Retail inflation based on Consumer Price Index (CPI) surged to 7.41 per cent in September as against 7 per cent in August. This is the ninth successive month of retail inflation being above RBI’s tolerance level of 6 per cent. Accordingly, experts say at least two more rate hikes are expected this fiscal.
Meanwhile, industrial production based on the IIP contracted to 0.8 per cent in August as against an expansion of 2.2 per cent in July. While prices of food items, especially vegetables, cereals and spices pushed the retail inflation, manufacturing brought down the industrial production.
Swati Arora, Economist with HDFC Bank, expects inflation to average at 6.7 per cent for FY23, with upside risks emanating from higher than expected food prices. On the policy front, “We expect the RBI to deliver a 35 bps repo rate hike in December and another 25 bps in February, taking the terminal rate to 6.5 per cent by the end of this fiscal,” she said.
Talking about industrial growth, Aditi Nayar, Chief Economist with ICRA, feels it is better to look at the uptrend in the GST e-way bills in August-September 2022 for cues regarding the strength of festival demand, than the tepid manufacturing growth print of August.

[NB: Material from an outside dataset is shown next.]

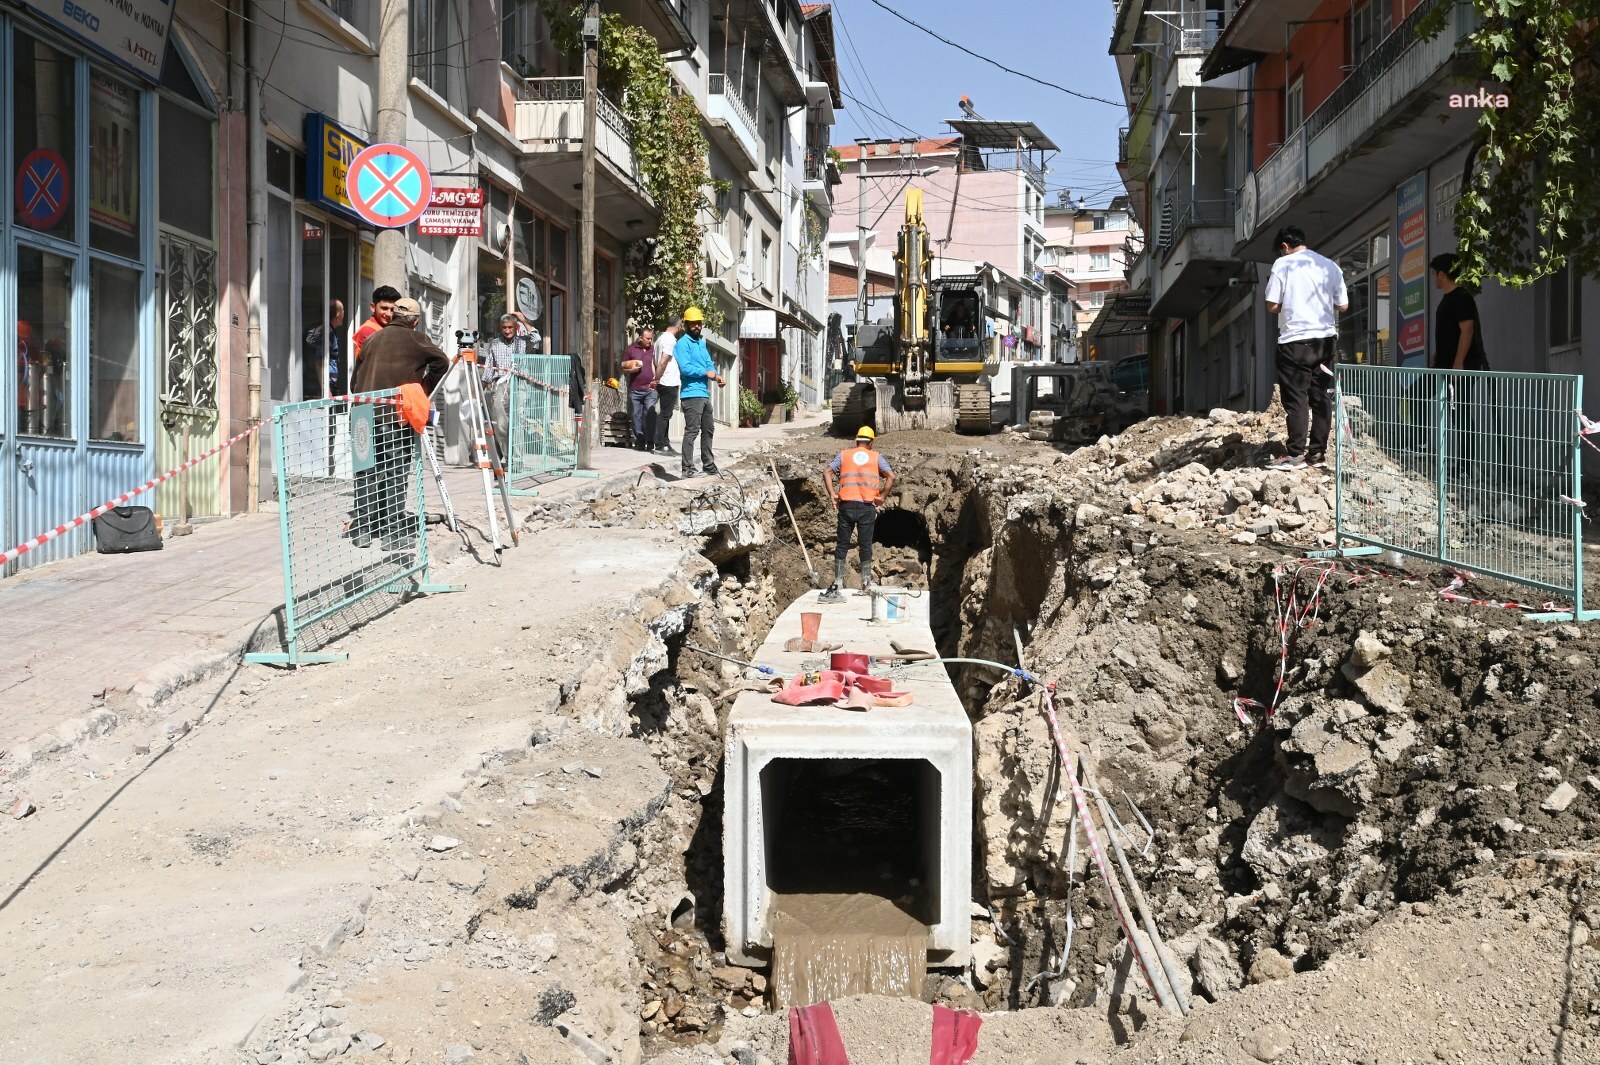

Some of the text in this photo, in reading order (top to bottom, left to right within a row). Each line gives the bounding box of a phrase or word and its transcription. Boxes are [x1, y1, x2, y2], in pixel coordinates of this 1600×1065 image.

[63, 0, 100, 32] BEKO
[332, 165, 347, 182] KUR
[1404, 291, 1420, 306] TABLET

“The y-o-y growth of most available high frequency indicators improved in September relative to August, amid the onset of the festival season, such as Coal India Limited’s output, vehicle registrations, electricity generation, ports cargo traffic, rail freight traffic and diesel consumption, which is likely to help the IIP return to a positive, albeit modest growth, in the just-concluded month,” she said.